Application Benchmarks 2
We are continuing our benchmarking with application benchmarks.
SiSoftware Sandra
We are using SiSoftware Sandra version 2020.5.30.41 for benchmarking. We are going to use the Processor Arithmetic test to test Dhrystone and Whetstone performance. This tests the arithmetic and floating-point performance of the CPUs. The results are in GFLOPS.
In this first graph we are looking at Dhrystone Aggregated integer results. According to this test the Intel Core i5-9400 is faster at 212.2 GFLOPS. The AMD Ryzen 3 3300X is close though, only 3% in difference. Keep this mind, the i5-9400 does have 6 physical cores, while Ryzen 3 3300X has 4 physical cores, not taking into account SMT. This could be the difference in this particular test, even though we do have multi-threading enabled for this test. This is just one specific integer test though, and the Ryzen 3 3300X is very close comparatively. The Ryzen 3 3100 is a lot faster than the i3-9100F in this test.

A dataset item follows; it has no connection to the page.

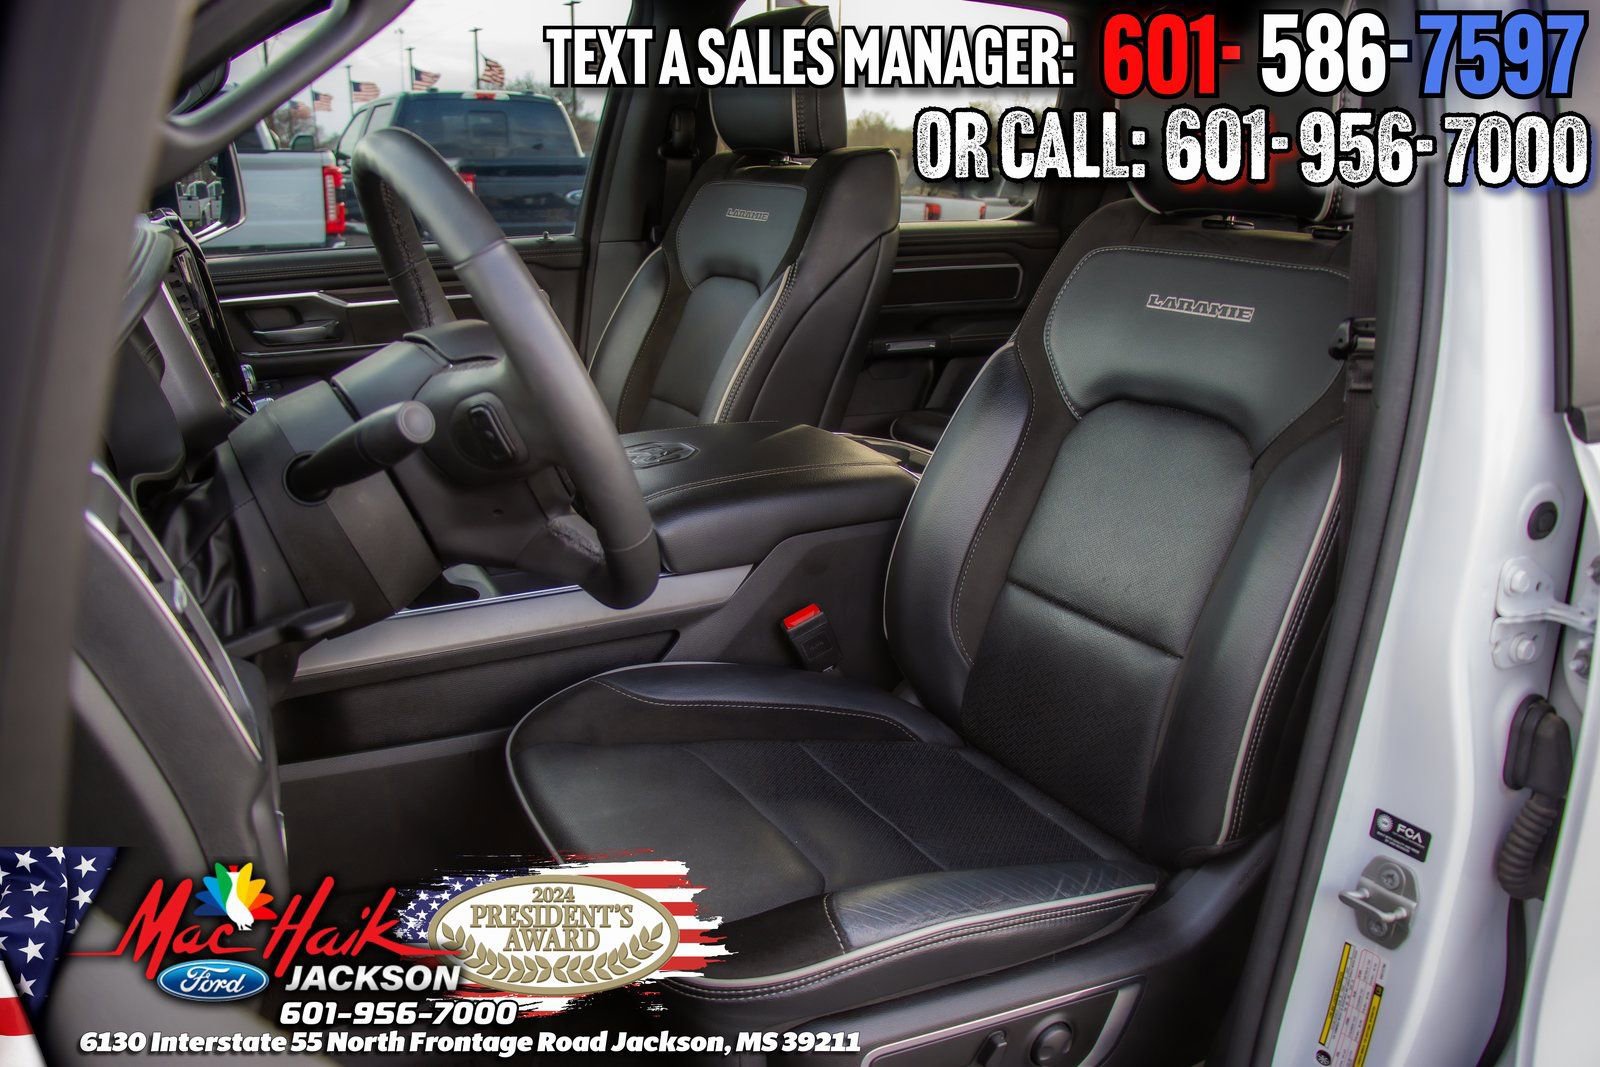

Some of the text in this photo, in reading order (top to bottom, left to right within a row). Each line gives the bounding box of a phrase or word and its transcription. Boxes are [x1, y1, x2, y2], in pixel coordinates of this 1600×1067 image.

The tables really turn through when it comes to float performance. Now the AMD Ryzen 3 3300 pushes forward 22% ahead of the Intel Core i5-9400 in float performance. This shows how well Ryzen 3 is suited for such tasks. Even the Ryzen 3 3100 is faster than the Intel Core i5-9400 in float. These are strong CPUs for these types of workloads.
wPrime
We are using wPrime version 2.10 and running the Run 1024M test with the appropriate threads for each CPU.
The results are in time in seconds, and lower is better. The AMD Ryzen 3 3300X is 16% faster than the Intel Core i5-9400 in completing this test. It saves 30 seconds off the time which is pretty big. What’s really slow is the 4c/4t i3-9100F. The 6c/6t i5-9400 is better, but having 8 threads total is more advantageous with the Ryzen 3 3100 and 3300X.
WinRar
We are using WinRar version 5.90 and running the built-in benchmark.
The AMD Ryzen 3 3300X really takes the cake in this benchmark and just demolishes everything. It is a whopping 79% faster than the Intel Core i5-9400! It’s also 60% faster than the Ryzen 3 3100. It must have something to do with the unified cache on the single CCX versus splitting the cache on the Ryzen 3 3100.